Extra Reading: Deterministic Linear Regressions
If you have ever taken a statistics or linear algebra class, you probably would have seen a very different way to perform a linear regression that didn't involve any gradient descent. Instead, it was probably one of the many deterministic algorithms for solving the least squares problem.
Remember that we're using gradient descent to try to find the right set of weights, \(w_1, ..., w_n\) and bias \(b\), such that that mean squared error \(\mathcal{L}\) is minimised. But is there a way we can find an exact solution for our weights and bias such that our loss is always minimised? The answer is yes! You can see a derivation here, but in short the optimal weights can be expressed as \(W = (X^T X)^{-1} X^T y\). If \(X\) is of full rank (independent data points >= features), then this means the optimal solution is unique. Otherwise, there exist many solutions, but we can use the pseudoinverse of \(X\) to find just one. There are other alternatives, but generally when you do a linear regression with Excel or some other statistical software, they are performing one of these algorithms.
So why should we use gradient descent? Well, for starters, the deterministic algorithms are slow. In most cases, a deterministic algorithm will take \(O(n^3)\) complexity, where \(n\) is the number of data points, mostly due to matrix inversion, calculating an SVD, or some other large matrix operation. In contrast, linear regression with gradient descent can take \(O(k n^2)\) complexity, where \(k\) is the number of iterations. When \(n\) is low (\(n < 10,000\)), the analytical solution might be better, but when Coles and Woolworths are frequently dealing with datasets of over 2 billion rows, it simply it isn't even a consideration. The analytical solutions can also prove more numerically unstable, meaning that errors which occur during the execution of the algorithm (like floating point rounding errors) can accumulate and significantly affect the result.
Extra Reading: Feature Scaling, Weight Initialisation, & Learning Rate
If you tried running your model on another toy dataset, you might have gotten a lot of NaN
errors or your model simply took many more iterations to optimise.

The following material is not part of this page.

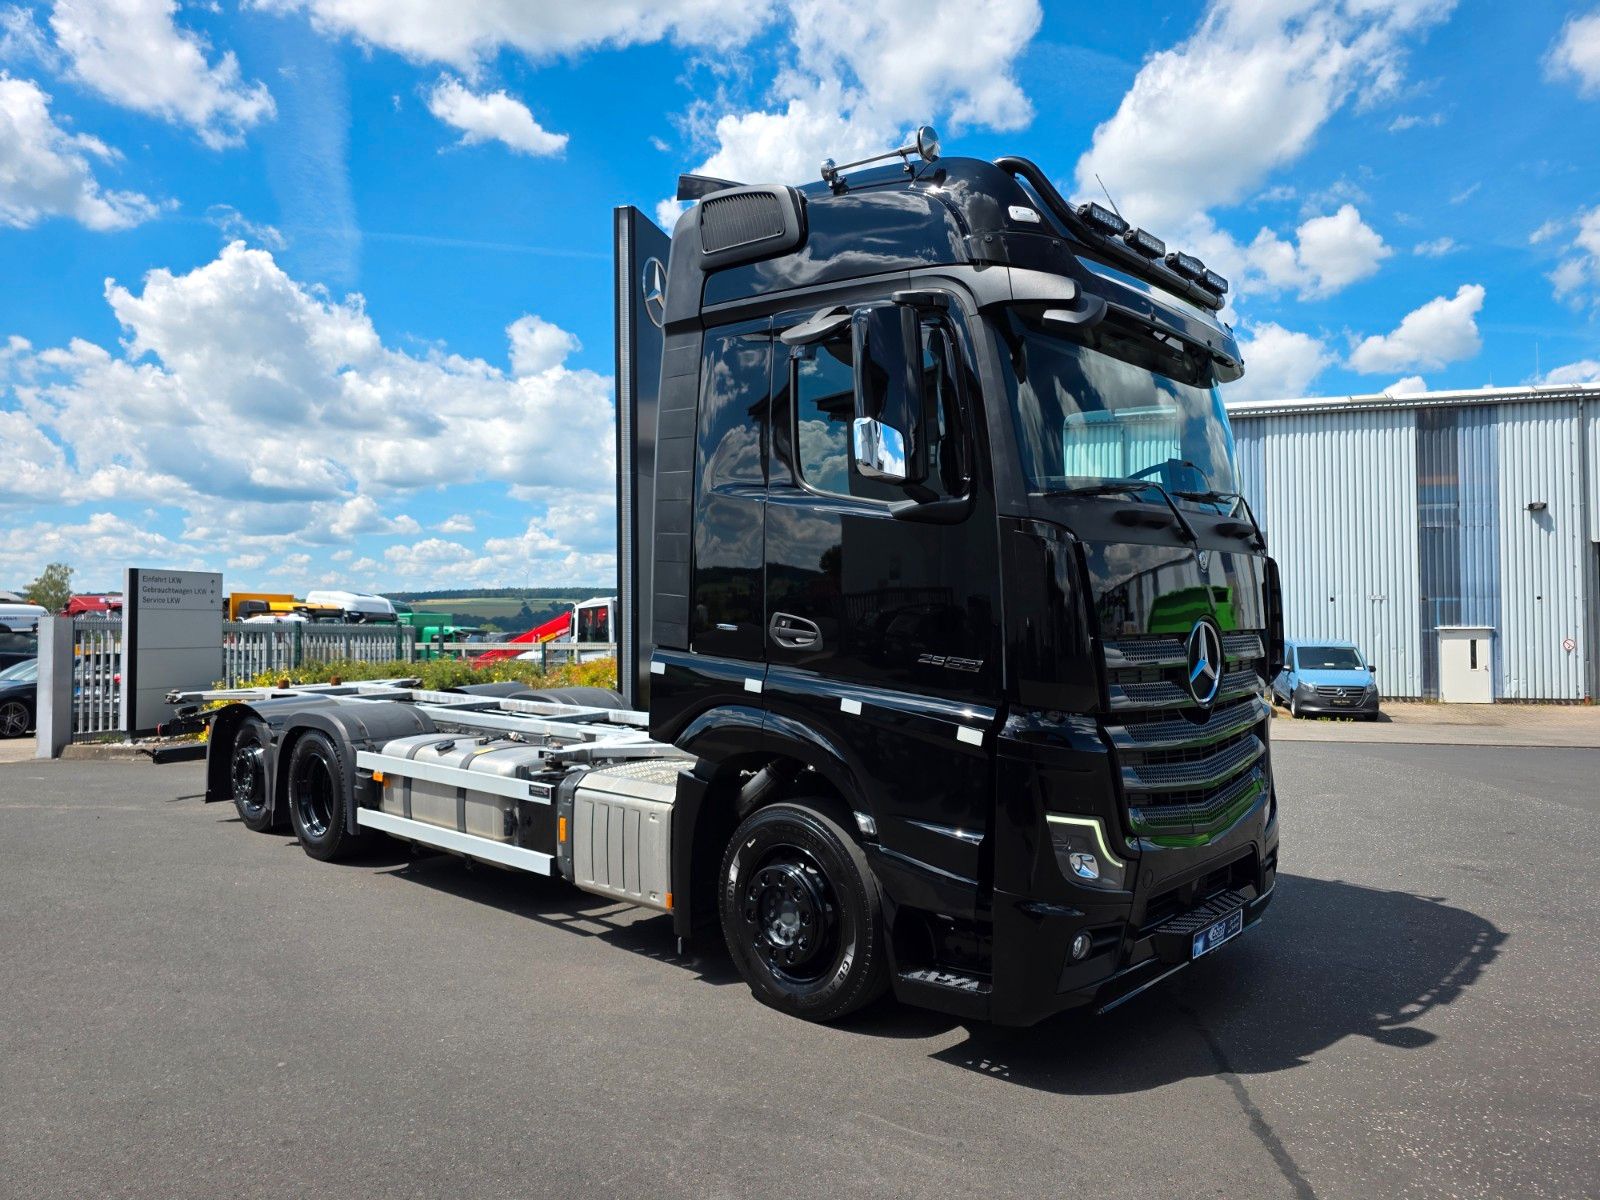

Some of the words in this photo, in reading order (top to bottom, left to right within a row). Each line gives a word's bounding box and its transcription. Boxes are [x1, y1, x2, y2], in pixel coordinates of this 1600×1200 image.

What you were most likely seeing was a smaller version of the vanishing/exploding gradients problem. Essentially, if your data deals with large values, the gradients are large, and your learning rate is high, you can end up taking such big steps that your predictions become increasingly worse/larger until they cannot be stored in even a 128 bit number. Alternatively, if your data deals with very small values, and your gradients are small (<1), then your step sizes will be accumulatively smaller and your weights will change very slowly.
To combat this, it's important to feature scale your data much like for KNN, and tune your learning rate with experimentation. It's also important that your weights are initialised with the right values (generally randomly between 0 and 1 is good).